Sleep maintains excitatory synapse diversity in the cortex and hippocampus

Abstract

Insufficient sleep is a global problem with serious consequences for cognition and mental health.¹ Synapses play a central role in many aspects of cognition, including the crucial function of memory consolidation during sleep.² Interference with the normal expression or function of synapse proteins is a cause of cognitive, mood, and other behavioral problems in over 130 brain disorders.³ Sleep deprivation (SD) has also been reported to alter synapse protein composition and synapse number, although with conflicting results.^4,5,6,7 In our study, we conducted synaptome mapping of excitatory synapses in 125 regions of the mouse brain and found that sleep deprivation selectively reduces synapse diversity in the cortex and in the CA1 region of the hippocampus.

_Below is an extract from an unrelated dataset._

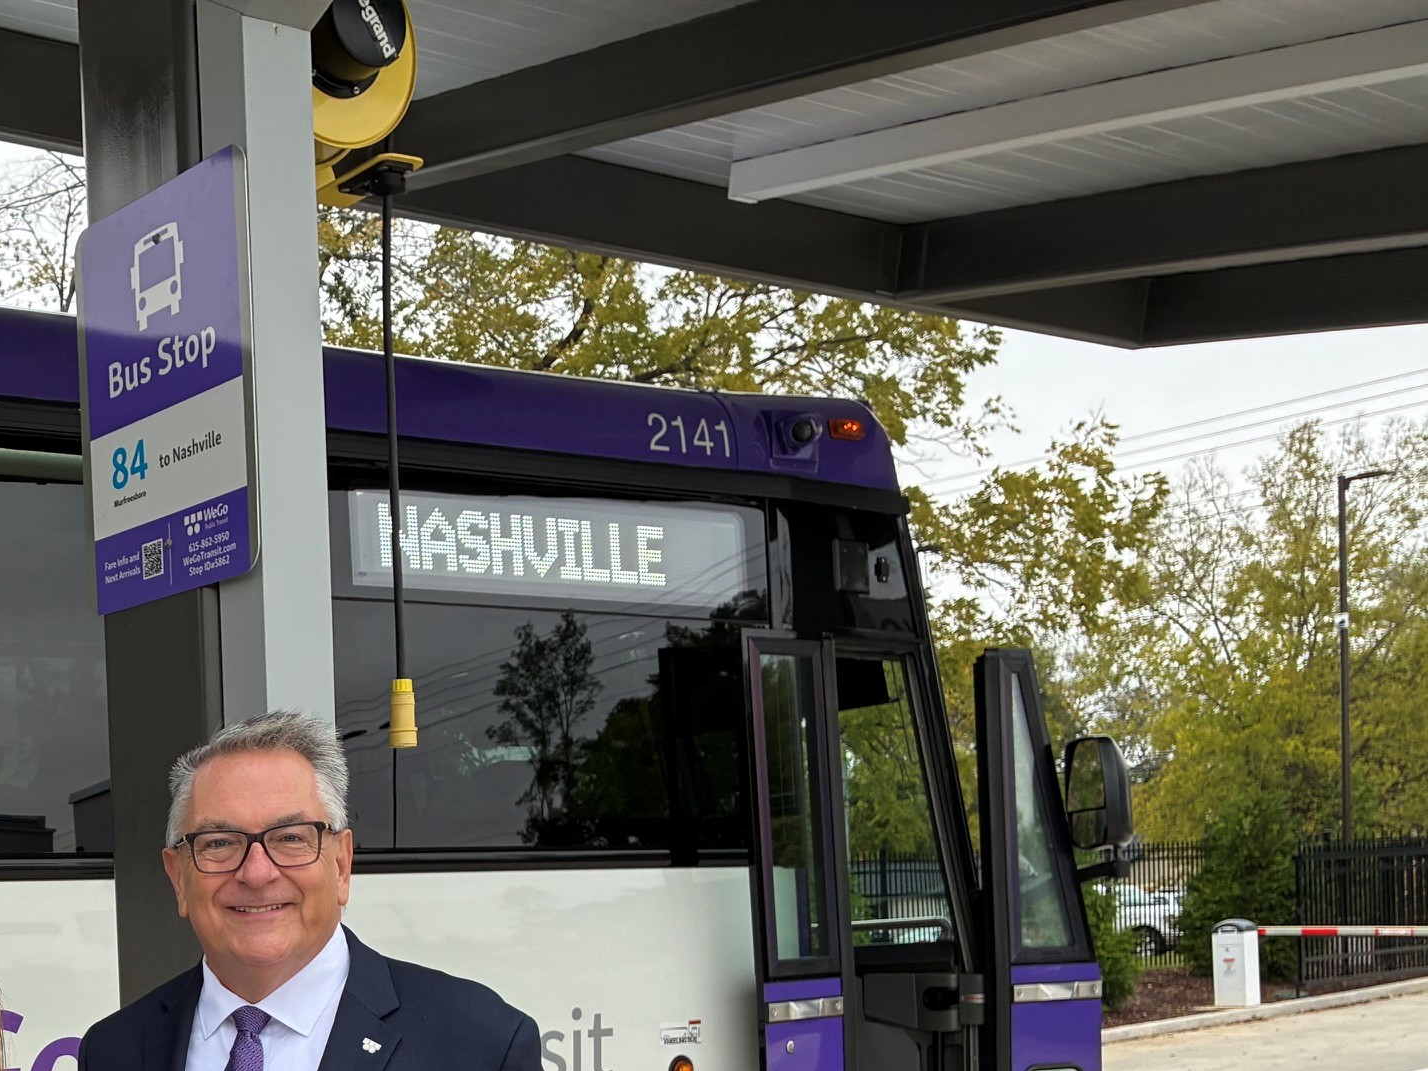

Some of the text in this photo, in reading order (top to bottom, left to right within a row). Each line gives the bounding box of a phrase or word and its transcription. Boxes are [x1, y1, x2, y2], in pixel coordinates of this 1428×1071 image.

Sleep deprivation targeted specific types and subtypes of excitatory synapses while maintaining total synapse density (synapse number/area). Synapse subtypes with longer protein lifetimes exhibited resilience to sleep deprivation, similar to observations in aging and genetic perturbations. Moreover, the altered synaptome architecture affected the responses to neural oscillations, suggesting that sleep plays a vital role in preserving cognitive function by maintaining the brain's synaptome architecture.

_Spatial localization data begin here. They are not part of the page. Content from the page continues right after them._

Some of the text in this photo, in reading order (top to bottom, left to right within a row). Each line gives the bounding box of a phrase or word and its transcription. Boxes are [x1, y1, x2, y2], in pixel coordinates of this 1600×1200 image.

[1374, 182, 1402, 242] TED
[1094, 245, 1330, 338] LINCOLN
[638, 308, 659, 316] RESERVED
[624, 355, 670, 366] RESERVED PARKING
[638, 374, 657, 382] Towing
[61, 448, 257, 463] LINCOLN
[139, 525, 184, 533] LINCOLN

Keywords: PSD-95; SAP102; protein lifetime; protein turnover; proteostasis; sleep; sleep deprivation; synapse; synapse types; synaptome; synaptome architecture.

Graphical abstract

Figure 1

Workflow for synaptome mapping Brain tissue from mice expressing the fluorescent proteins GFP and mKO2 fused to PSD95 and SAP102, respectively, was collected from the mice at different stages of the circadian cycle or after sleep deprivation. Synapse labeling and imaging shows genetic modification of PSD95 with eGFP and SAP102 with mKO2, which labels the proteins and their respective multiprotein complexes, which are distributed into synapse types/subtypes that can be visualized in brain sections using confocal spinning disc microscopy. The image analysis pipeline detects, segments, classifies, and quantifies synapse puncta, which are categorized into types and subtypes by machine learning and the spatial distribution plotted in synaptome maps.

Figure 2

SD alters brain synaptome architecture within the cortex and HPF SD reduces the size of PSD95-expressing synapses in cortical (A) and HPF (A and B) subregions. SD reduces synapse subtype diversity in cortical (C and G) and HPF (C, D, and G) subregions. Blue regions (A–D), Cohen’s d effect size for regions with significant changes shown (p < 0.05, Bayesian test with Benjamini-Hochberg correction); gray regions (A–D), not significantly altered. (G) X axis shows change (Cohen’s d) in synaptome diversity induced by SD. Asterisks indicate significant changes (p < 0.05, Bayesian test with Benjamini-Hochberg correction) in the diversity. Key for brain regions (E and F). Regions: CTX, isocortex; OLF, olfactory areas; HPF, hippocampal formation; CTXsp, cortical subplate; STR, striatum; TH, thalamus; HY, hypothalamus. Related to Figures S1–S4.

Figure 3

SD differentially impacts synapse subtypes (A) Heatmap of SD-induced changes in the density (Cohen’s d) of synapse subtypes in cortex (CTX) and HPF ranked from longest to shortest PSD95 lifetime. For a heatmap showing significant changes corrected for multiple testing, see Figure S4. (B) SD-induced synapse subtype density changes in the cortex (average of all subregions) plotted against PSD95 lifetime (normalized percentage). (C) Comparison of the density changes of six LPL (2, 3, 5, 20, 34, 35) with six SPL (6, 8, 11, 28, 29, 31) subtypes after SD. Red signifies subregions with greater change (Cohen’s d) in LPL than SPL synapses, whereas blue signifies subregions with greater change in SPL than LPL synapses; white subregions show no significant differences. Related to Figures S3 and S4.

Figure 4

Computational modeling of physiological responses in the CA1sr to patterns of activity after SD (A) The model simulates a 2D (11 × 11) array of synapses (boxes) expressing PSD95 and SAP102 measured along the radial and tangential axes of the CA1sr.^, (B) Five patterns of neuronal activity were used for CA1sr stimulation in the computational model. The summed excitatory postsynaptic potential (EPSP) response amplitudes in the ZT6 and ZT6SD groups were quantified (color bar, arbitrary units). (C) Comparison of the extent of disruption caused by SD for each of the five patterns of activity. ED, Euclidian distance.